Helms has been a vociferous opponent of the convention, claiming that it would impose burdensome verification measures on U.S. chemical companies but leave nonparticipating nations like Libya and Iran outside its constraints.

While he reiterated his personal distaste for the treaty, Helms seemed prepared to let it come to a vote on the Senate floor. Winning Senate ratification of the treaty is a major Clinton administration priority and is considered among the first major challenges facing Albright as President Clinton’s second-term secretary of State.

A senior aide to Albright said that, after discussing the chemical weapons treaty with Helms during the course of two long car rides Tuesday, she felt “increasingly confident she’s going to get a vote in the Senate.”

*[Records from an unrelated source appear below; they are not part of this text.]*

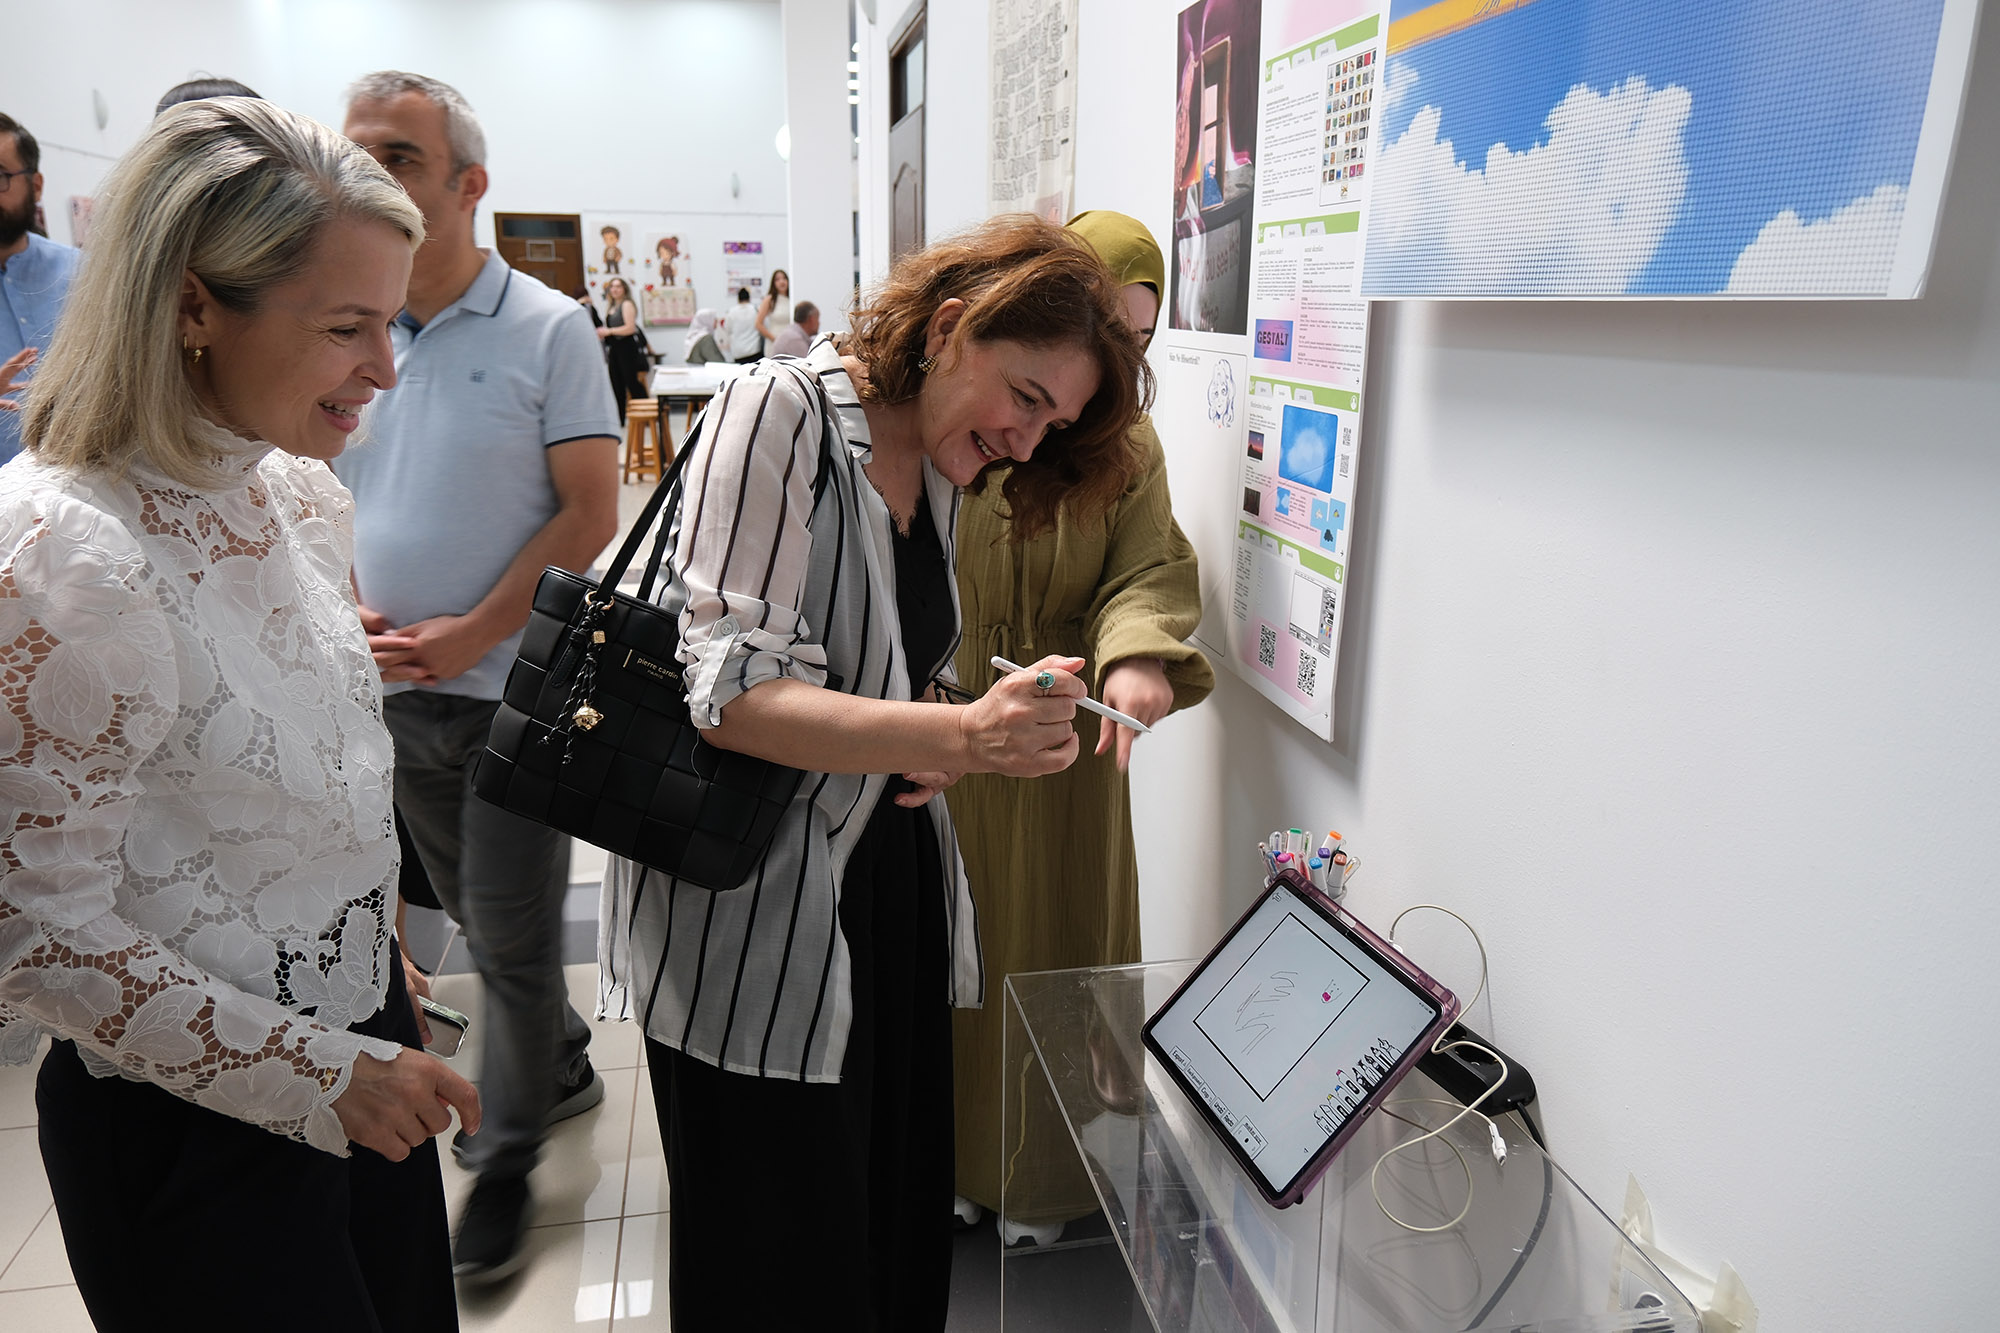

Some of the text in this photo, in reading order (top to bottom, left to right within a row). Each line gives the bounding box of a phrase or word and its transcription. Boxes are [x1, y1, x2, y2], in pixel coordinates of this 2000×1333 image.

[1257, 331, 1289, 346] GESTALT
[637, 657, 679, 680] pierre cardin
[1172, 1049, 1185, 1064] Export
[1201, 1086, 1210, 1099] Crop
[1213, 1102, 1225, 1115] Undo
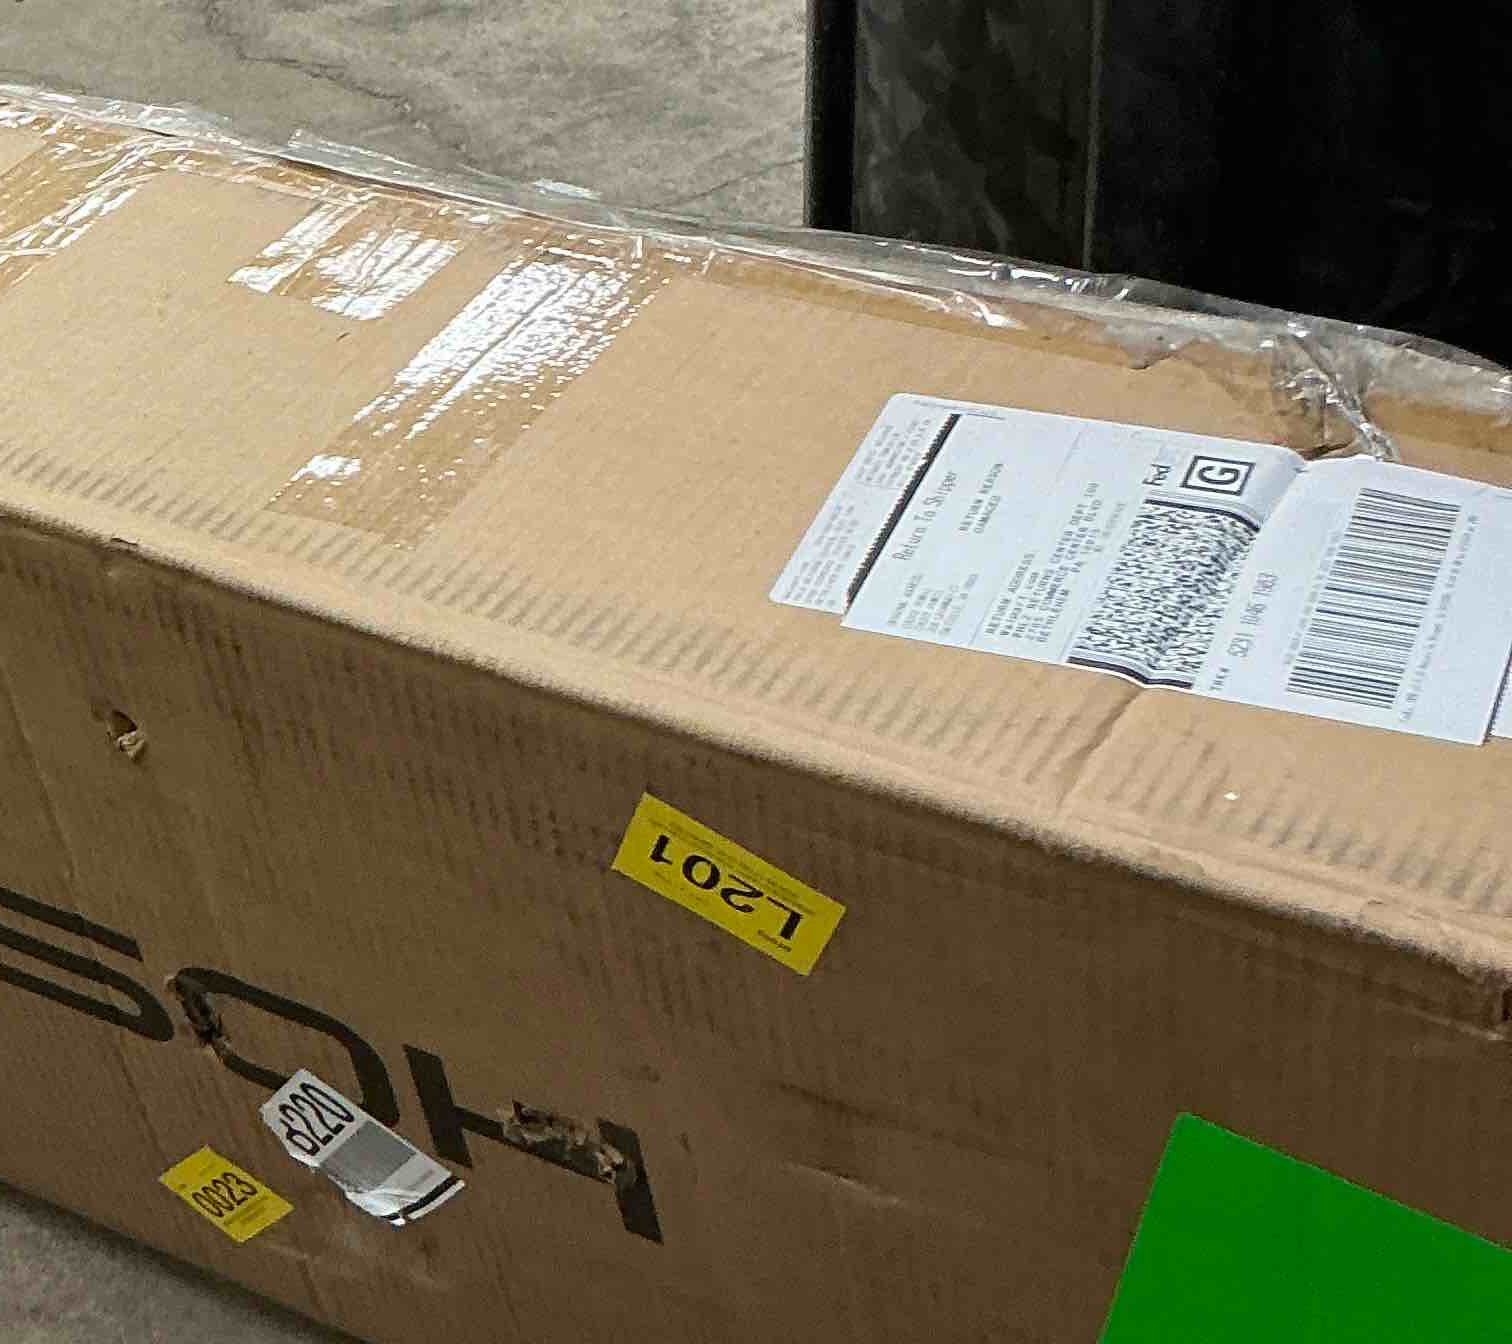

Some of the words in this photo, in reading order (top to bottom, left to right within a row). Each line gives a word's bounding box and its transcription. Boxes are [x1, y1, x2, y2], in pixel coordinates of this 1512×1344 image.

[1197, 465, 1240, 486] G
[891, 526, 927, 561] Return
[913, 509, 937, 523] To
[645, 831, 807, 943] L201
[189, 1169, 262, 1221] 0023

During an evening speech, Albright pressed the case for ratification. “The Chemical Weapons Convention sets the standard that it is wrong for any nation to build or possess a chemical weapon and gives us strong and effective tools for enforcing that standard,” Albright said. “This will make it harder for terrorists or outlaw states to build, buy or conceal these horrible weapons.”

Helms’ earlier remarks came as he escorted Albright through a series of appearances in his home state and at Wingate University, a small liberal arts college of 1,300 students that Helms attended. Throughout the day, the two put on a conspicuous display of mutual admiration.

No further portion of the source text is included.